Bankers do love the gold standard or any other physical commodity they can control, or manipulate.

Cynicom  posted on  2007-07-15   16:01:22 ET  Reply   Trace   Private Reply  


#63. To: Pinguinite (#61)

As JC explained gold or any physical commodity can be manipulated, exploited and speculated.

He didn't explain that, or at least explain how it happens. He just said it does.

Elementary !!

If I have a monopoly on gold...and the bankers have since before the Crusades...I can declare any value I want to for the gold and then it is the same as fiat.

This is done all the time.

There have been many times the "dollar price " of gold should have been $1000 but was a fifth of that and vice versa...this is strictly a regional reserve bank decision...and YES you can be made to sell your "gold" in many ways.

In addition, the expansion and contractioon of gold, and the fact it always stays in the ownership of the monarchy/banker prevents it allowing flexibility in increased productivity for the reasons stated previously.

Gold is NEITHER a good medium of exchange...it is not exchanged...NOR is it a good storehouse ov value since its price can be manipulated by the essentially sole owners at will.

JCHarris  posted on  2007-07-15   17:08:04 ET  Reply   Trace   Private Reply  


#64. To: All (#63)

In addition, the expansion and contractioon of gold,

Gold cannot be expanded to meet production needs in good times without it simply being fiat.

Likewise it cannot contract during bad times to prevent inflation, which is currency without the counterbalancing productivity.

This gold is a POOR medium and de facto a poor storehouse of value.

Public works are a better storehouse of value and a medium of FISCAL policy to move the monetary needs in the right direction depending on productivity and inventory expansion or contraction.

JCHarris  posted on  2007-07-15   17:14:15 ET  Reply   Trace   Private Reply  


#65. To: Pinguinite. gold naysayers here (#60)

But gold and silver (gold especially) have many unique properties and attributes that make it a good choice for money. (I.e. doesn't burn or rust).

So true.

If gold's so bad, give me all that you've got, and I'll give you some banana's.

Deal?

Join the Ron Paul Revolution

Lod  posted on  2007-07-15   17:58:54 ET  Reply   Trace   Private Reply  


#66. To: Cynicom (#62)

Bankers do love the gold standard or any other physical commodity they can control, or manipulate.

When the FRS was created, we were on a gold standard, but now we are not.
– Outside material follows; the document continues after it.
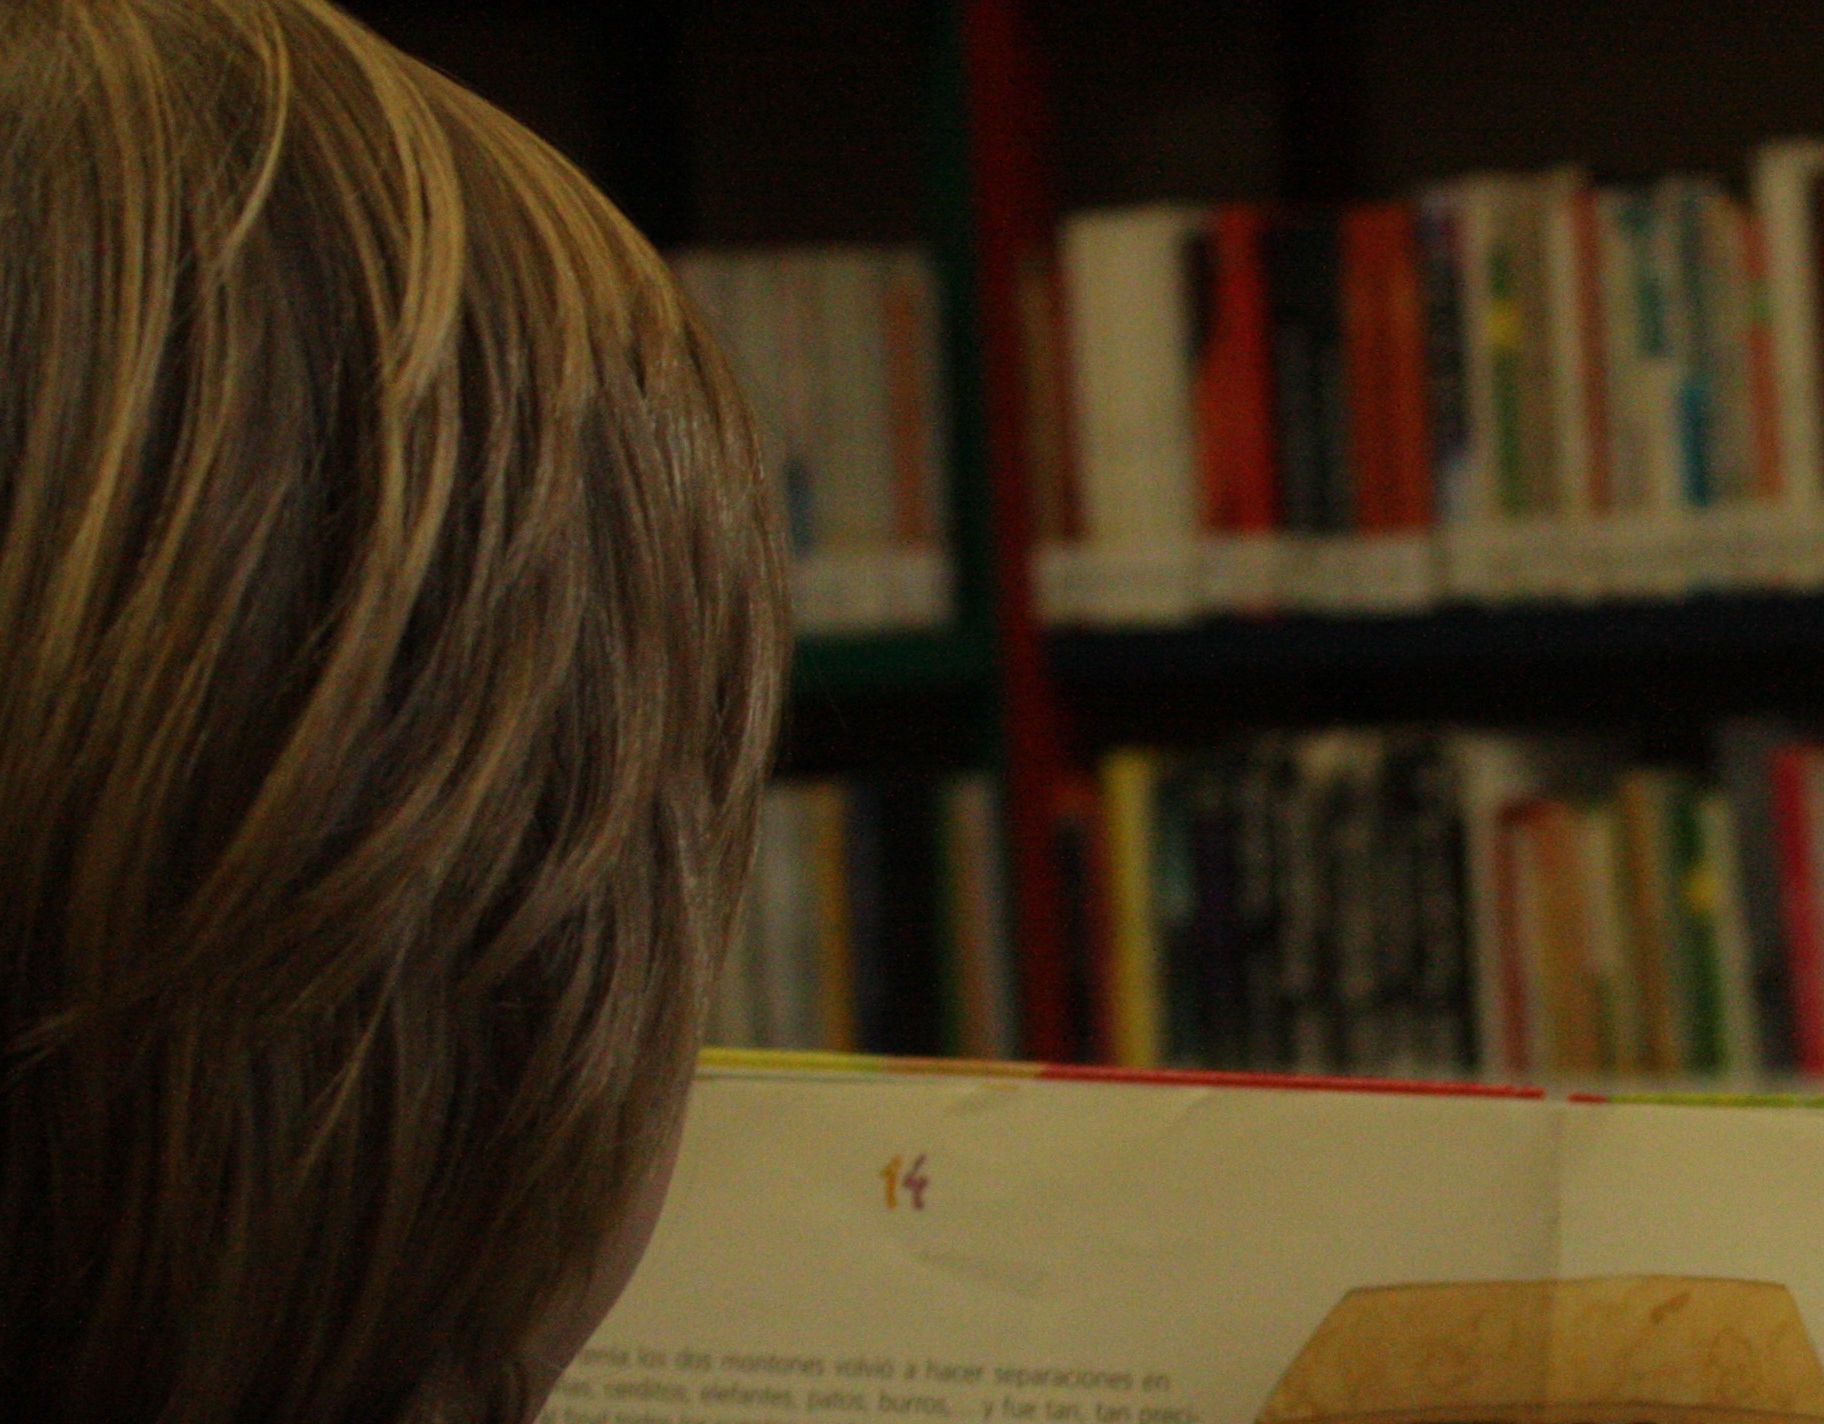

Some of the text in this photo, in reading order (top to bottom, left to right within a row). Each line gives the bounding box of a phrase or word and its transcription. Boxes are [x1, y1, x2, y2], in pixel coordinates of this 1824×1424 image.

How can one conclude, then, that the powers behind the fed would prefer a gold standard? It's just not logical.

Pinguinite.com

Pinguinite  posted on  2007-07-15   20:04:46 ET  Reply   Trace   Private Reply  


#67. To: JCHarris (#63)

If I have a monopoly on gold...and the bankers have since before the Crusades...I can declare any value I want to for the gold and then it is the same as fiat.

You can try to get a monopoly on many things, but you can't have a monopoly on money, as to obtain more of it you would have to buy it with something. With what would you buy money?
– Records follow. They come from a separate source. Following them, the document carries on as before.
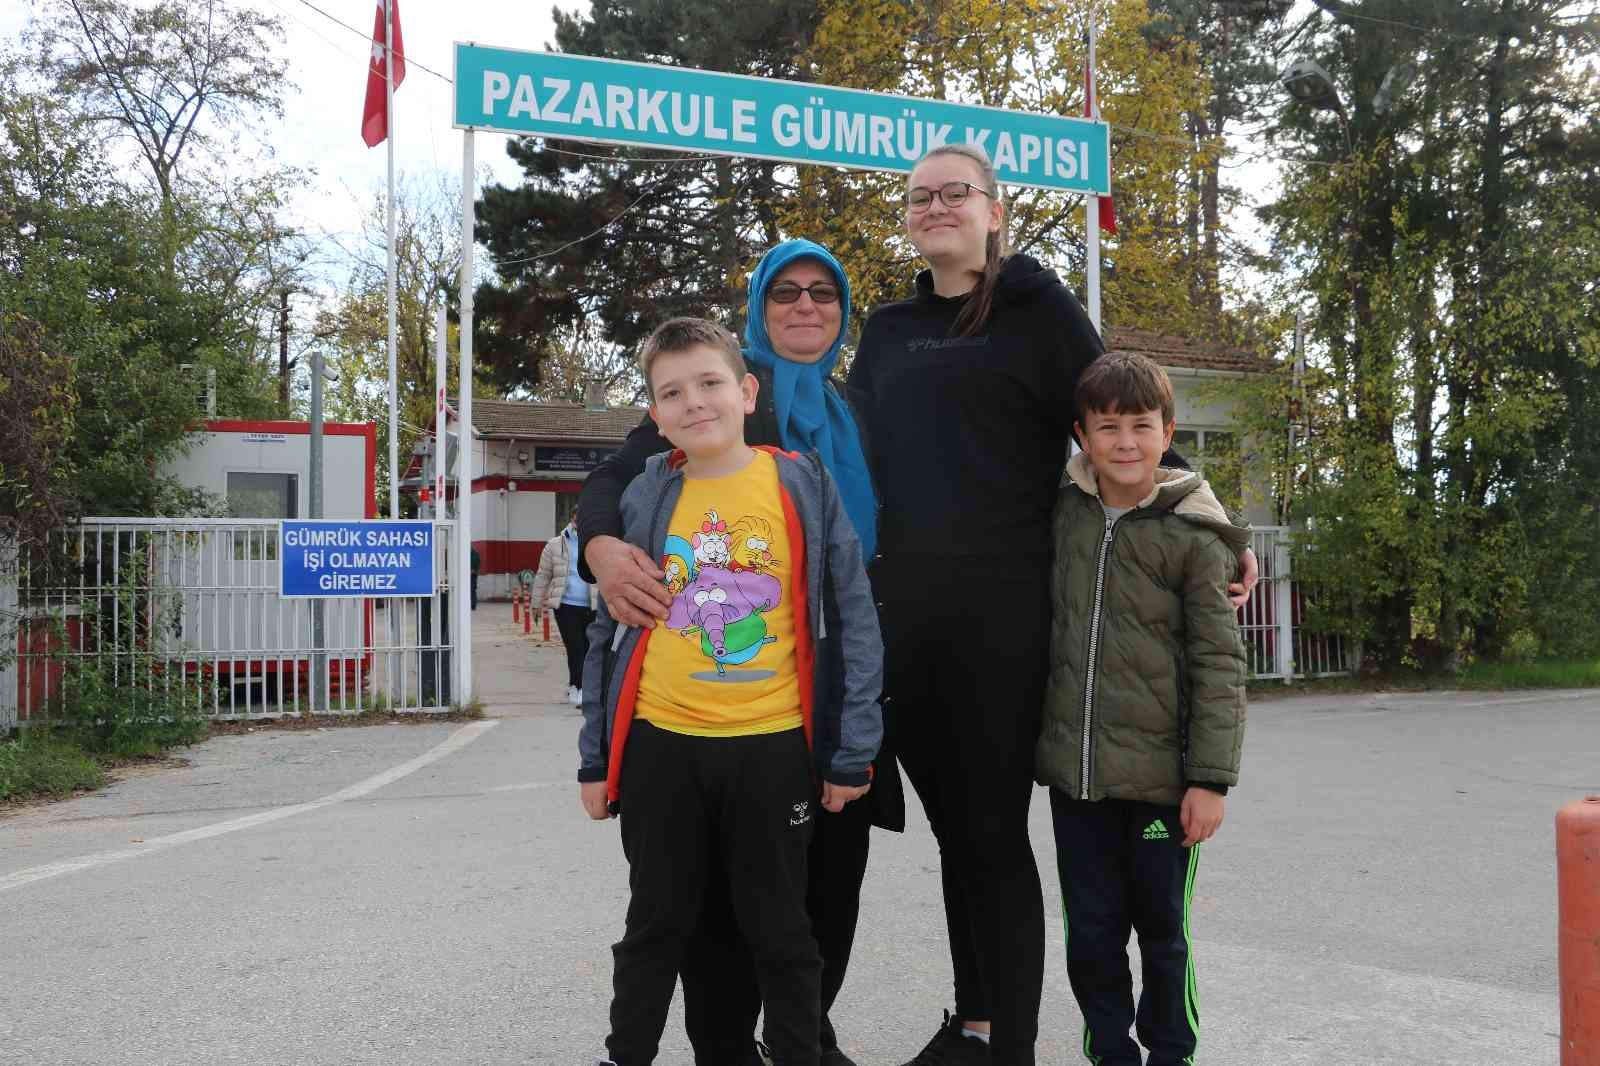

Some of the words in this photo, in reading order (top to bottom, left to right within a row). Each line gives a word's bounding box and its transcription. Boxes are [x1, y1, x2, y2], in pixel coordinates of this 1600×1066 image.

[482, 70, 757, 144] PAZARKULE
[771, 96, 953, 161] GÜMRÜK
[965, 127, 1089, 181] KAPISI
[285, 528, 362, 546] GÜMRÜK
[366, 531, 428, 546] SAHASI
[303, 550, 325, 571] İŞİ
[329, 552, 411, 568] OLMAYAN
[319, 571, 397, 590] GİREMEZ
There have been many times the "dollar price " of gold should have been $1000 but was a fifth of that and vice versa...this is strictly a regional reserve bank decision...and YES you can be made to sell your "gold" in many ways.

Obviously you're speaking of times when there was no gold standard. How can you criticize the gold standard over the number of FRNs ascribed (by bankers) to a certain amount of gold?

Pinguinite.com

Pinguinite  posted on  2007-07-15   20:12:20 ET  Reply   Trace   Private Reply  


#68. To: JCHarris (#64)

Gold cannot be expanded to meet production needs in good times without it simply being fiat.

Sure it can. More gold enters circulation as demand increases. Doesn't happen overnight, but it happens. Market forces require it?

Likewise it cannot contract during bad times to prevent inflation, which is currency without the counterbalancing productivity.

Again, reduced demand would mean cheaper gold for industrial and commercial applications, which would mean no new gold is mined and existing gold currency is removed from circulation. Again, it doesn't happen overnight, but it happens.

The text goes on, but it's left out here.